Tsipporah regarded him, first with one eye, then twisting her head upside down to look at him with the other. "No," she said finally, and pushed up close to him. She was as tall as he was, then, so her head fit easily underneath her chin. Nick tolerated it for a moment or two, because that was what he was supposed to do, but finally he shook her off.

Alan told him that when people grow up, their daemons start to take shapes that reflect who they are, but privately, Nick thought that for him and Tsipporah, it was the other way around. He grew up dark and brooding and slouched his way through school, and inherited her tendency to loom up alarmingly behind people.

" _Jesus Christ!"_ yelped Thing 2 ( _Mae,_ Alan's voice corrected him, disapproving), wheeling around.

"No, I'm Nick," he replied, pointing to himself. "We've been through this, remember?"

"Oh, ha ha," she went, sarcastically, and he imagined he could see her pulse rabbiting in her neck. Her slinky daemon -- whatever the hell it was -- went weaving in between her boots. "Can you and your vulture just back off?"

"She's a condor, thank you. Completely different species."

"Yeah, and yours is whichever is creepiest, I caught that, thanks."

Tsipporah was perched up on the weather vane, a distance that Nick could feel; a tug somewhere deep down like pulling at dead skin. He flashed her a grin, eyeballing Mae sideways. "Condors are the largest species of bird on the planet, with an 11-foot wingspan and wicked beak that can eviscerate a wolf from snout to tail." He'd seen her slice open sparrowhawks and parrots and gulls, easy and effortless, usually a second or two before Nick ran their magician through with his sword, so the overwhelming pain of the death of their daemon was the last thing they ever felt.

Mae's nose wrinkled up, thoughts so obvious they might as well be written in bold letters across her forehead: that people with nasty-smelling, scavenging carrion-eaters for daemons are not the people you should be trusting with your brother's life.
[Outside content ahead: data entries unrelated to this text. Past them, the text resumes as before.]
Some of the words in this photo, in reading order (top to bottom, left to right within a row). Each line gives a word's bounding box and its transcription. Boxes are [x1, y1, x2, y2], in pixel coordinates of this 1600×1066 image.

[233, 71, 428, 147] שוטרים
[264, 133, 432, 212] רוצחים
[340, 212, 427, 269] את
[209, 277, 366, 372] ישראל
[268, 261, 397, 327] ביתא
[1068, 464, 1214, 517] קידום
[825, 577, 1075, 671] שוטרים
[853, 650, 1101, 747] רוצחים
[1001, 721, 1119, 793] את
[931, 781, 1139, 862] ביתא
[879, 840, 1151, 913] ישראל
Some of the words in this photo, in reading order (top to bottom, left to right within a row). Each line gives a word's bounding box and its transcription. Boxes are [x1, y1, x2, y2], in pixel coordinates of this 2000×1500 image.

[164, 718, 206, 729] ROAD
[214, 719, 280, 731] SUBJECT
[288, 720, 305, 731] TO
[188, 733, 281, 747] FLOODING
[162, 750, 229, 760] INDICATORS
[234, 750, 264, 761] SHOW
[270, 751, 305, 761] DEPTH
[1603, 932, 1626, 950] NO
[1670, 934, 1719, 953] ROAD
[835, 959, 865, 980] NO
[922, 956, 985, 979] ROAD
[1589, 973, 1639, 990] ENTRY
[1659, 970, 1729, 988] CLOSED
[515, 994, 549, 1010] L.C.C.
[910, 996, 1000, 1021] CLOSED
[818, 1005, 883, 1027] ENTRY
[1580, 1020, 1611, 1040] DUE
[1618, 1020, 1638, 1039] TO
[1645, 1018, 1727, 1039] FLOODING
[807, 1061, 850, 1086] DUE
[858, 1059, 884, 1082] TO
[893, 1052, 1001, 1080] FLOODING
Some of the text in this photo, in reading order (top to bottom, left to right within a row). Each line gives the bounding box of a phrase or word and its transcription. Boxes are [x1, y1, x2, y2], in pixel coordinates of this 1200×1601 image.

"So you know what just occurred to me," Thing 1 came in, talking very loudly and carrying what looked like their entire emergency store of cup-noodles in their cooking pot, and Nick's mouth quirked. They were moving, running, hiding, effectively abandoning the Thing siblings to their fate, and Alan had still sweet-talked Jamie into helping them _pack._ "So magicians have bird daemons, right? Have you ever met anyone with a tit daemon? Or the blue-footed booby? Because _that_ would be hilarious."

Impending nuclear winter forgotten, Nick and Mae just stared at him for a moment. "Just saying," he went with a grin, sticking the cooking pot down in the well behind the driver's seat. Jamie was taller than he let on, content to round his shoulders and duck his head and disappear behind his sister, and his wardrobe seemed to consist primarily of jeans from the girl's side of Fossil and sweatshirts with hoods from every single university the kid didn't have a prayer of getting into, which he wore with full acknowledgement of the irony. He wore them even on nights like this, just the wrong shade of swimmingly muggy, because his bat daemon could almost always be found nestled into the hood.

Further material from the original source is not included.